Dataset entries

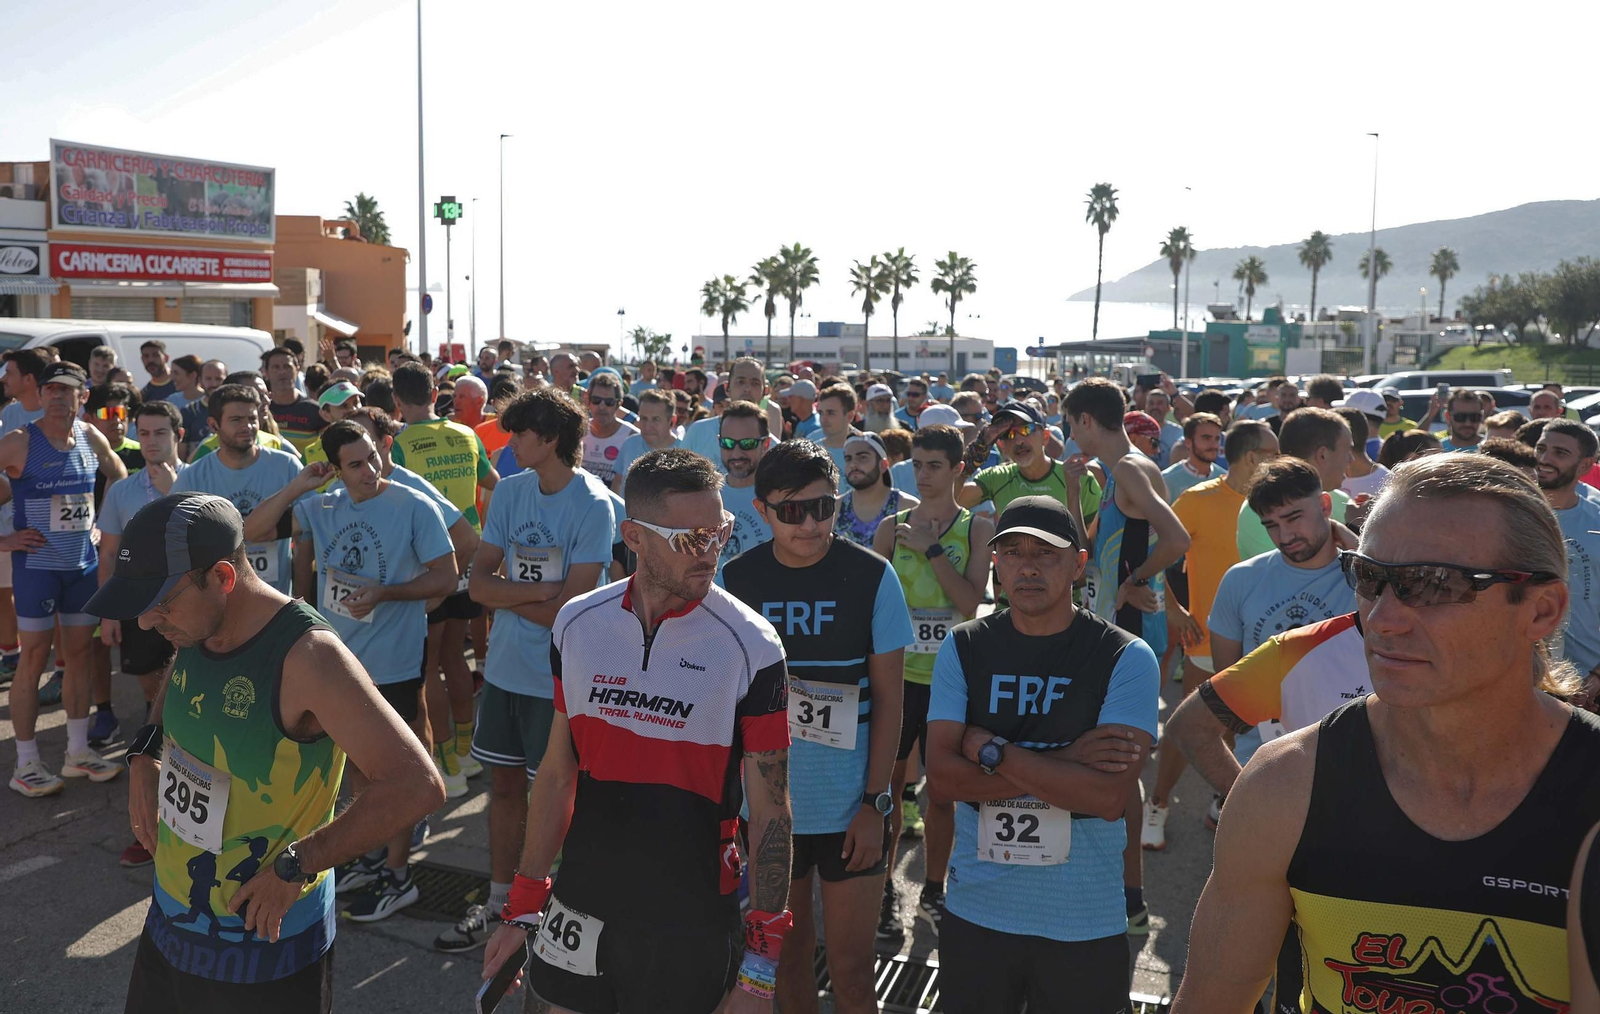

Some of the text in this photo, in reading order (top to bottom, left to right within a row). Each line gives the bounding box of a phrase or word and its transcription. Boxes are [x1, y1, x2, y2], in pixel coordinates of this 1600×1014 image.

[61, 184, 114, 204] Calidad
[63, 204, 126, 226] Crianza
[129, 213, 140, 230] y
[227, 217, 267, 236] Propia
[59, 250, 145, 273] CARNICERIA
[145, 254, 219, 277] CUCARRETE
[425, 452, 474, 468] RUNNERS
[60, 506, 90, 521] 244
[378, 552, 388, 586] ALGECIRA
[519, 562, 542, 582] 25
[762, 601, 836, 635] FRF
[919, 623, 947, 641] 86
[593, 674, 627, 686] CLUB
[588, 687, 694, 719] HARMAN
[814, 694, 844, 703] ALGECIRAS
[989, 674, 1072, 716] FRF
[599, 707, 686, 729] TRAIL RUNNING
[797, 700, 831, 729] 31
[187, 771, 212, 791] ALGECIRAS
[164, 770, 210, 825] 295
[1015, 801, 1051, 810] ALGECIRAS
[995, 812, 1040, 843] 32
[1482, 875, 1570, 900] GSPORT
[1354, 933, 1409, 968] EL

> **About this exercise**: Print each line above exactly as it appears, excluding all images.

> **Solution to this exercise**:
Some of the text in this photo, in reading order (top to bottom, left to right within a row). Each line gives the bounding box of a phrase or word and its transcription. Boxes are [x1, y1, x2, y2], in pixel coordinates of this 1600×1014 image.

[61, 184, 114, 204] Calidad
[63, 204, 126, 226] Crianza
[129, 213, 140, 230] y
[227, 217, 267, 236] Propia
[59, 250, 145, 273] CARNICERIA
[145, 254, 219, 277] CUCARRETE
[425, 452, 474, 468] RUNNERS
[60, 506, 90, 521] 244
[378, 552, 388, 586] ALGECIRA
[519, 562, 542, 582] 25
[762, 601, 836, 635] FRF
[919, 623, 947, 641] 86
[593, 674, 627, 686] CLUB
[588, 687, 694, 719] HARMAN
[814, 694, 844, 703] ALGECIRAS
[989, 674, 1072, 716] FRF
[599, 707, 686, 729] TRAIL RUNNING
[797, 700, 831, 729] 31
[187, 771, 212, 791] ALGECIRAS
[164, 770, 210, 825] 295
[1015, 801, 1051, 810] ALGECIRAS
[995, 812, 1040, 843] 32
[1482, 875, 1570, 900] GSPORT
[1354, 933, 1409, 968] EL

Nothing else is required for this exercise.